Gazprom Says EU Gas Gap Narrowing as Cold Keeps Demand High
The gap between requests and supply will probably continue to narrow, an official at Gazprom’s export division said today by phone, asking not to be named in line with corporate policy.
The cold wave from Moscow to London has increased use for the fuel for heating and pushed up prices at hubs by as much as 39 percent last week. Gazprom, Russia’s export monopoly, rejected requests for extra gas from some European buyers as Prime Minister Vladimir Putin ordered it to make domestic supplies a priority in the freezing weather. Europe depends on Gazprom for about a quarter of its gas needs.
Gas supply to the European Union “has become better,” with flows “back to normal” in some states, European Commission spokeswoman Marlene Holzner said in Brussels. Utilities in Italy, Austria, Germany and France say they’re still undersupplied.
Shipments to Europe were cut by 10 percent from contracted volumes “for a few days,” Gazprom Deputy Chief Executive Officer Andrey Kruglov said at a meeting with Putin on Feb. 4, according to a transcript posted on the government’s website.
Some customers sought more gas than needed last week for “psychological reasons” during the cold, given the volumes they have in underground storage, Deputy CEO Alexander Medvedev said today in an interview with RT state television channel, according to a transcript distributed by the company.
There is “no emergency” and member states are using gas from storage or liquefied natural gas, Holzner told reporters today, reiterating comments from last week.
EON AG, Germany’s biggest utility, and OMV AG, central Europe’s biggest energy producer, both said imports from Gazprom are still down about 30 percent today. GDF Suez (GSZ) SA, Europe’s biggest utility by market value, said the shortfall had narrowed to 20 percent from 30 percent.
“EON is well equipped to cope with the present reductions in Gazprom Export’s gas deliveries,” Adrian Schaffranietz, a spokesman for the Essen-based utility said by e-mail today.

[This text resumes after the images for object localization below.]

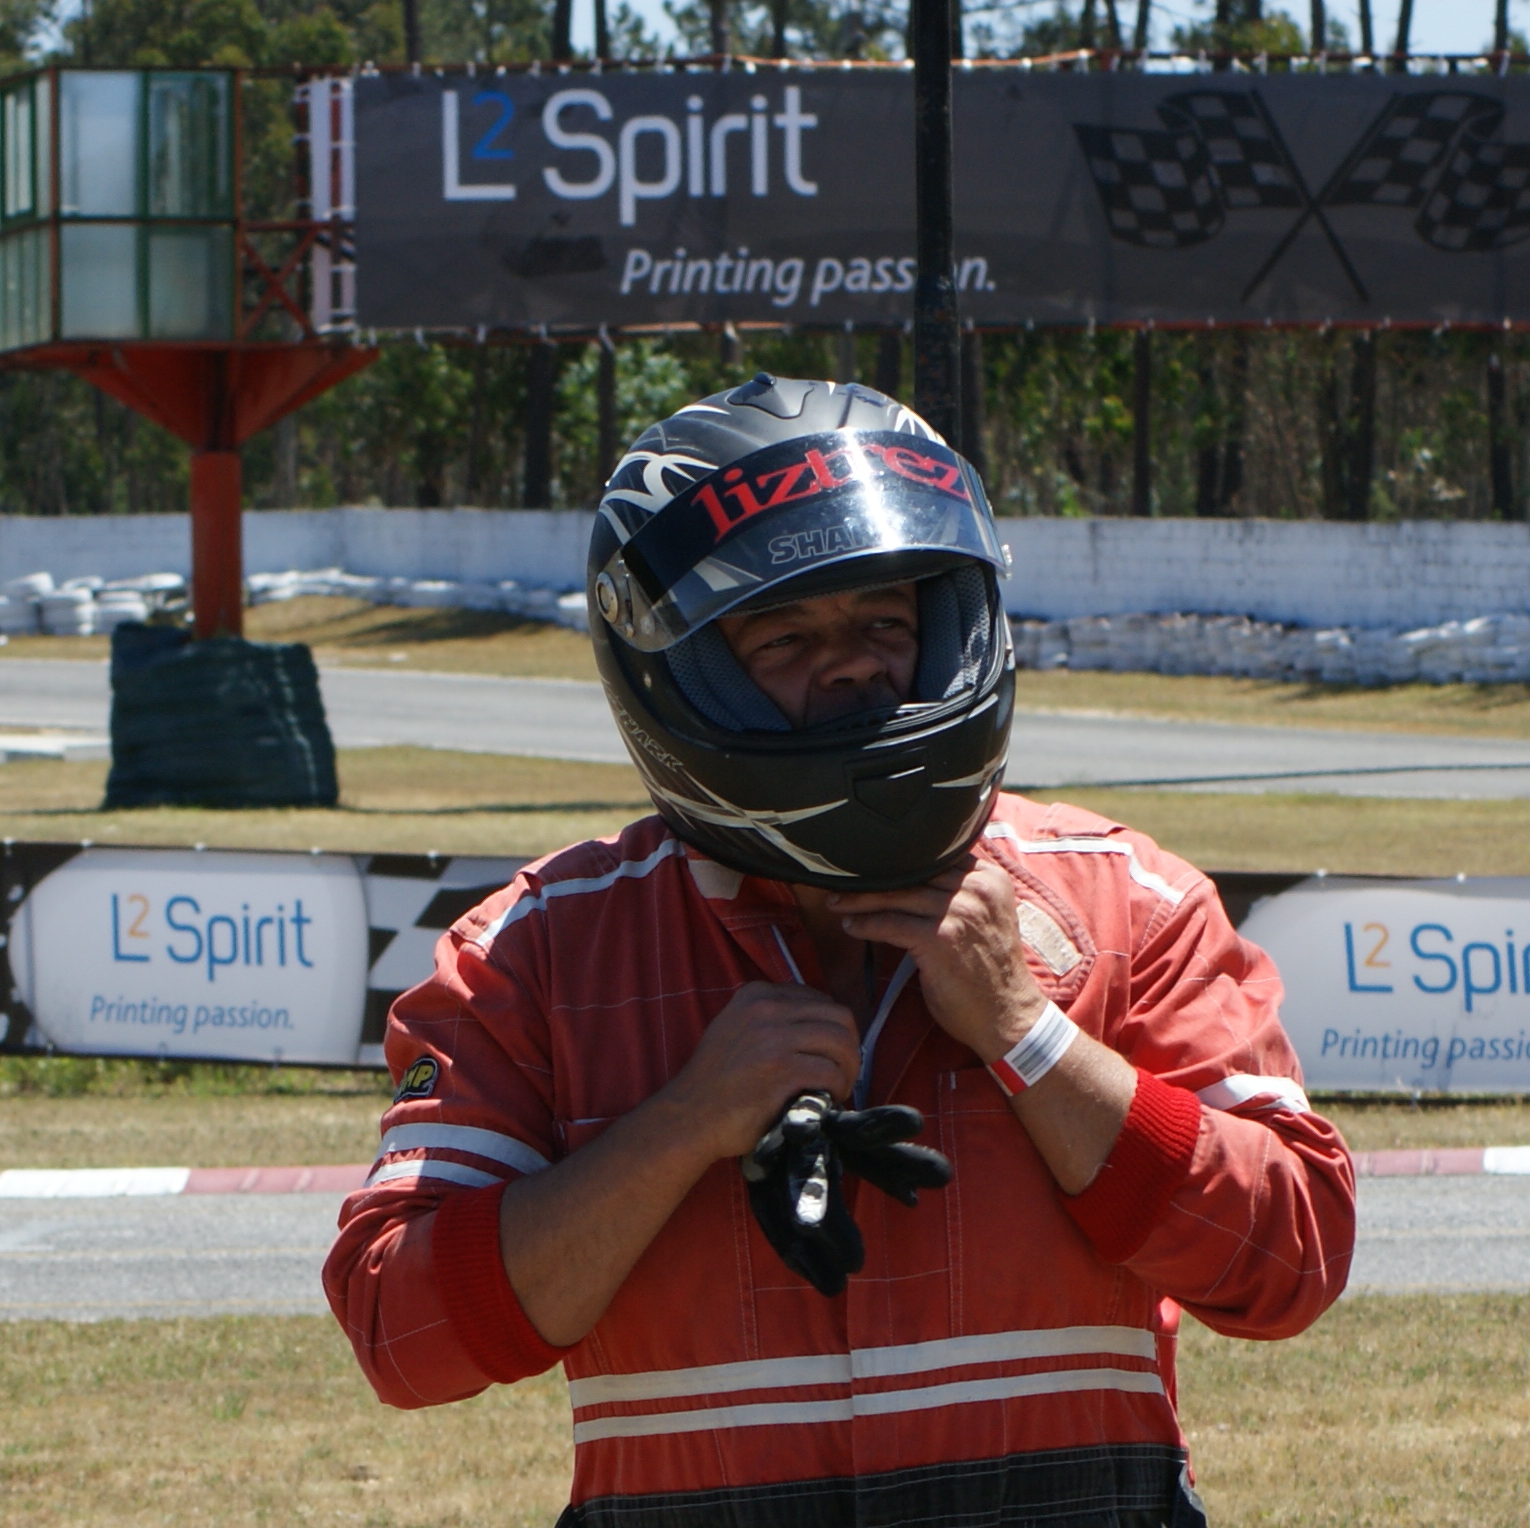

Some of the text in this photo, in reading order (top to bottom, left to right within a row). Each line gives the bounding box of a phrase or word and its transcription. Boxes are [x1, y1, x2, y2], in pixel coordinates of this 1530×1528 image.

[542, 86, 818, 227] Spirit
[620, 247, 997, 308] Printing passn.
[165, 895, 314, 982] Spirit
[90, 994, 295, 1034] Printing passion.
[1320, 1028, 1440, 1070] Printing

Italian gas imports from Russia will probably be 18 percent lower than requested today, according to forecasts by Milan- based Snam Rete Gas SpA, the national pipeline operator. Italy requested 103.4 million cubic meters today and is likely to receive 84.9 million, according to the operator.

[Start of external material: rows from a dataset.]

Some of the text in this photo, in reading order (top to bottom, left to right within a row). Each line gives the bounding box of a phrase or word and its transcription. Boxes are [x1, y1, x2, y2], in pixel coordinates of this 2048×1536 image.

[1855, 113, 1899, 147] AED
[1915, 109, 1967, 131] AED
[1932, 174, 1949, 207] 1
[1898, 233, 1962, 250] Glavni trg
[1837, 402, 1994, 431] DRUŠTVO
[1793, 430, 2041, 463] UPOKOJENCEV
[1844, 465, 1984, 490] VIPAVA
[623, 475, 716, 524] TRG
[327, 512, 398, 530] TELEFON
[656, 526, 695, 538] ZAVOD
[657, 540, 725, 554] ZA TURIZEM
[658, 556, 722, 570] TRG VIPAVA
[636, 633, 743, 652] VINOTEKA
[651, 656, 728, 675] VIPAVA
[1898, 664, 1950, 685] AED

Eastern Europe has been worst affected by the cold, with temperatures below minus 20 degrees Celsius (minus 4 Fahrenheit). The European part of Russia should remain 8 to 10 degrees lower than average this week, the Emergency Ministry in Moscow said. At least 64 Russians died and about 1,400 were treated for cold-related injuries last month.
Gazprom is exporting at the maximum capacity possible, the export official said today. Some European customers boosted requests as high as 30 percent in one day last week as they sought to hedge supply risks, the official said. Some may seek to fine Gazprom for undersupply at a later date, he said.

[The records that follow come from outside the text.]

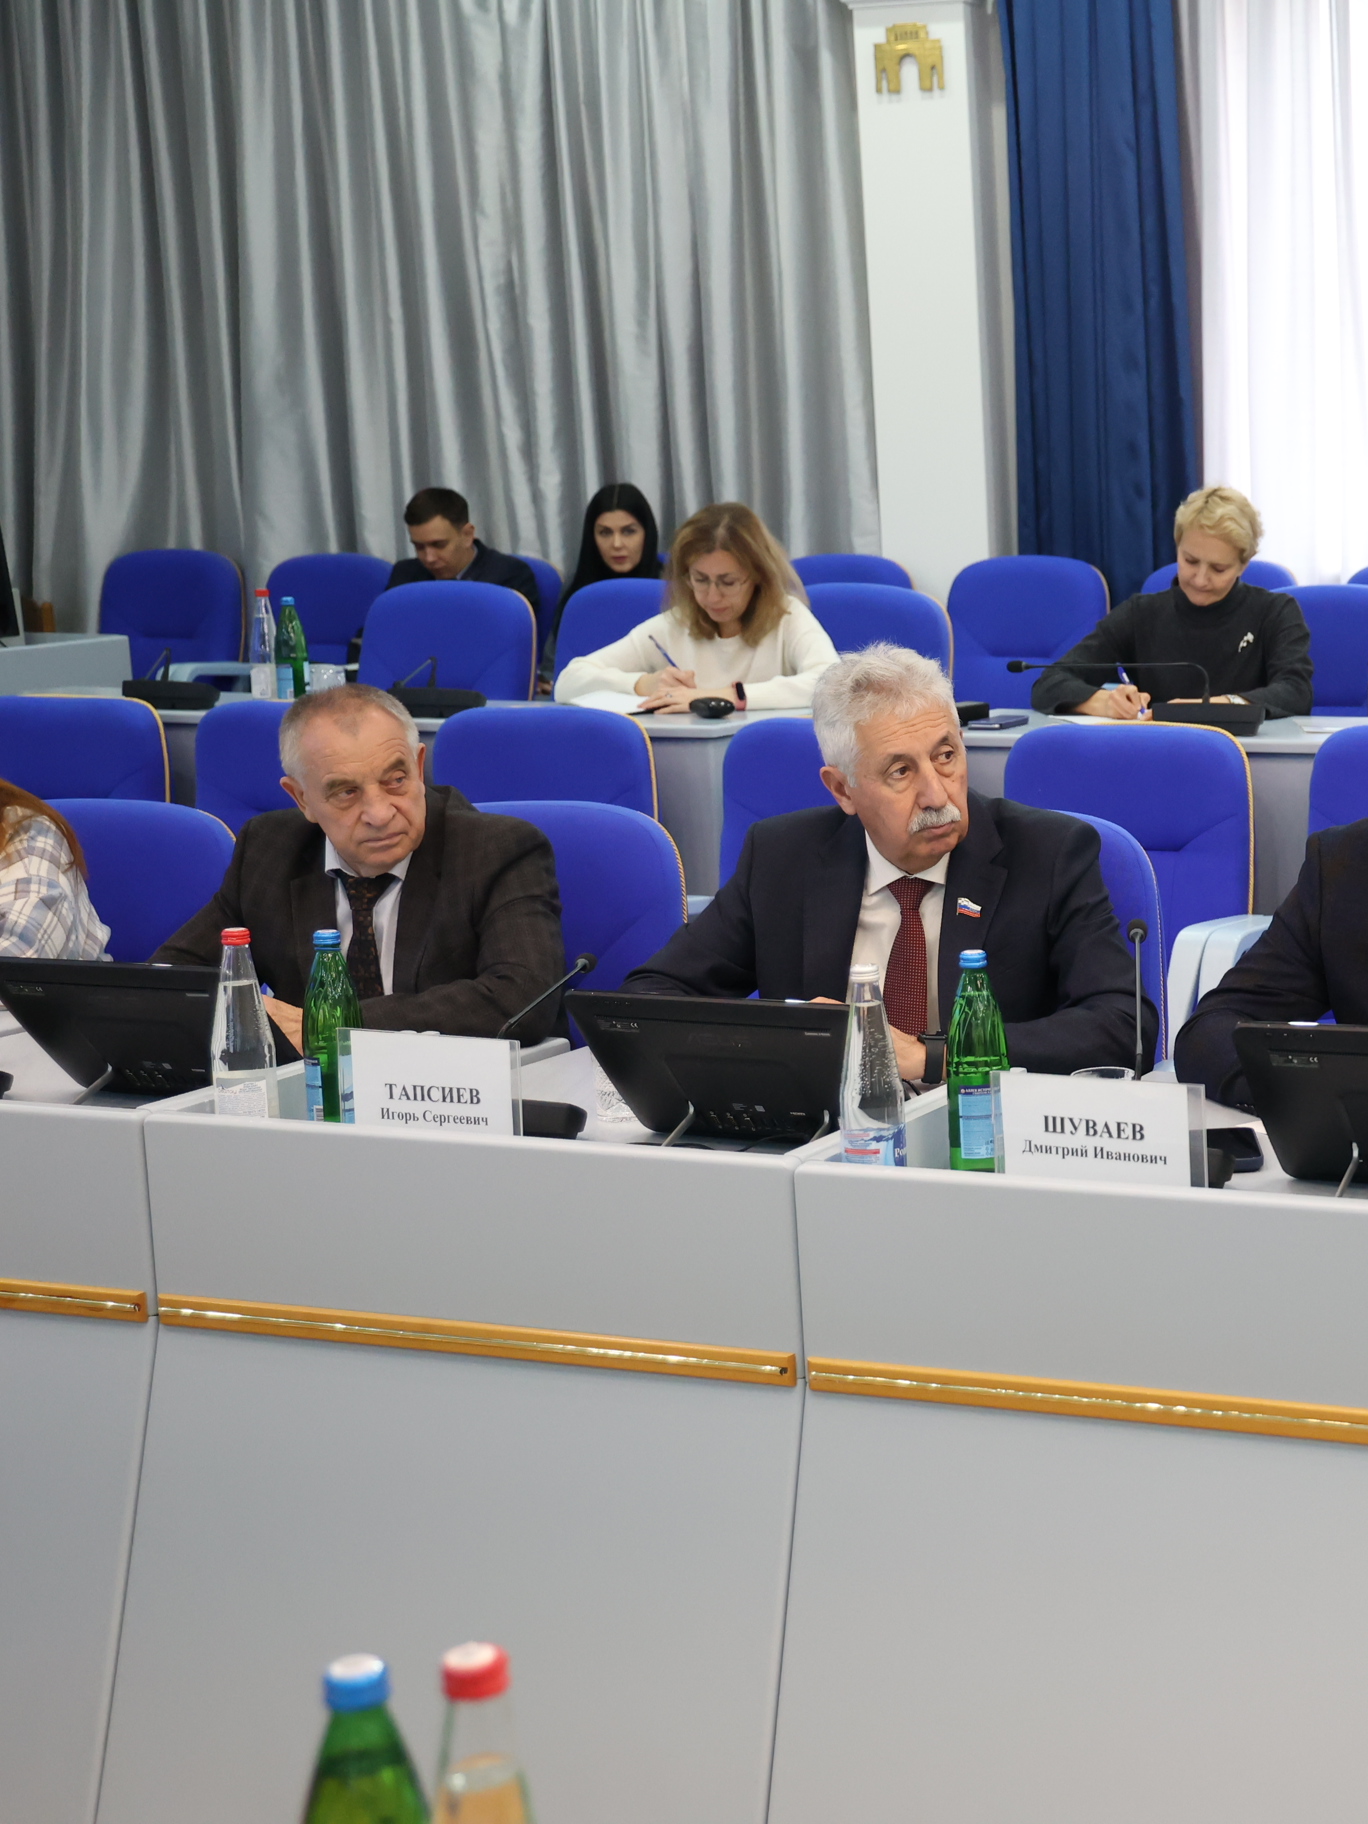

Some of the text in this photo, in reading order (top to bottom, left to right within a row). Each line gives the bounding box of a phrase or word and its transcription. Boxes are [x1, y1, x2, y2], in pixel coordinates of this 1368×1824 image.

[384, 1083, 481, 1104] ТАПСИЕВ
[380, 1107, 488, 1126] Игорь Сергеевич
[1043, 1115, 1145, 1141] ШУВАЕВ
[1022, 1139, 1088, 1159] Дмитрий
[1093, 1146, 1168, 1165] Иванович

Polish imports are now at requested levels, said Joanna Zakrzewska, a spokeswoman for Polskie Gornictwo Naftowe i Gazownictwo, Poland’s dominant gas company. Gas demand eased yesterday to 71.6 million cubic meters a day from 72.3 million cubic meters on Feb. 3, according to Gaz-System, SA Poland’s state-owned natural gas pipeline operator.
Gas supplies to Bulgaria were restored to normal on Feb. 3 and the country’s energy ministry reported no cuts in supplies so far today. Deliveries to Turkey have been above contracted volumes, Medvedev told Putin at the Feb. 4 meeting.
Gazprom boosted production about 30 percent to 1.6 billion cubic meters a day, Kruglov said. There were no restrictions in supplies to domestic consumers, he said. The producer last year limited sales to domestic industrial customers to help satisfy increasing demand from households in freezing temperatures.
Day-ahead prices at European hubs last week exceeded an estimated current Gazprom contract price of about $410 per 1,000 cubic meters, Alexander Burgansky, Roman Odarich and Tatyana Kalachova, analysts at Otkritie Capital, said in a research note today. Austrian natural-gas prices jumped by more than a third last week, while rates at the German and Dutch hubs also climbed.
“Gas prices went up despite sufficient availability of gas in underground storage, which in our view is clear evidence of the rigidity of gas infrastructure in Europe,” the Otkritie analysts said.
U.K. natural gas for day-ahead delivery rose to its highest in more than five years. Gas for tomorrow surged as much as 19 percent as National Grid Plc forecast demand for the heating fuel will rise 20 percent above the seasonal norm. CustomWeather Inc. forecasts sub-zero temperatures in London through Feb. 14 that may increase demand.
Gazprom, which ties its gas prices to oil and refined products, criticized European spot markets as illiquid and unable to meet demand. Spot prices had been lower than Gazprom’s rates for most of the past two years.
“All the talk about a liquid spot market is, to put it mildly, a significant exaggeration, because the spot market is illiquid,” Medvedev said at the meeting with Putin. “Despite an increase in spot prices, Europe was unable to meet its needs under long-term contracts using the spot market.”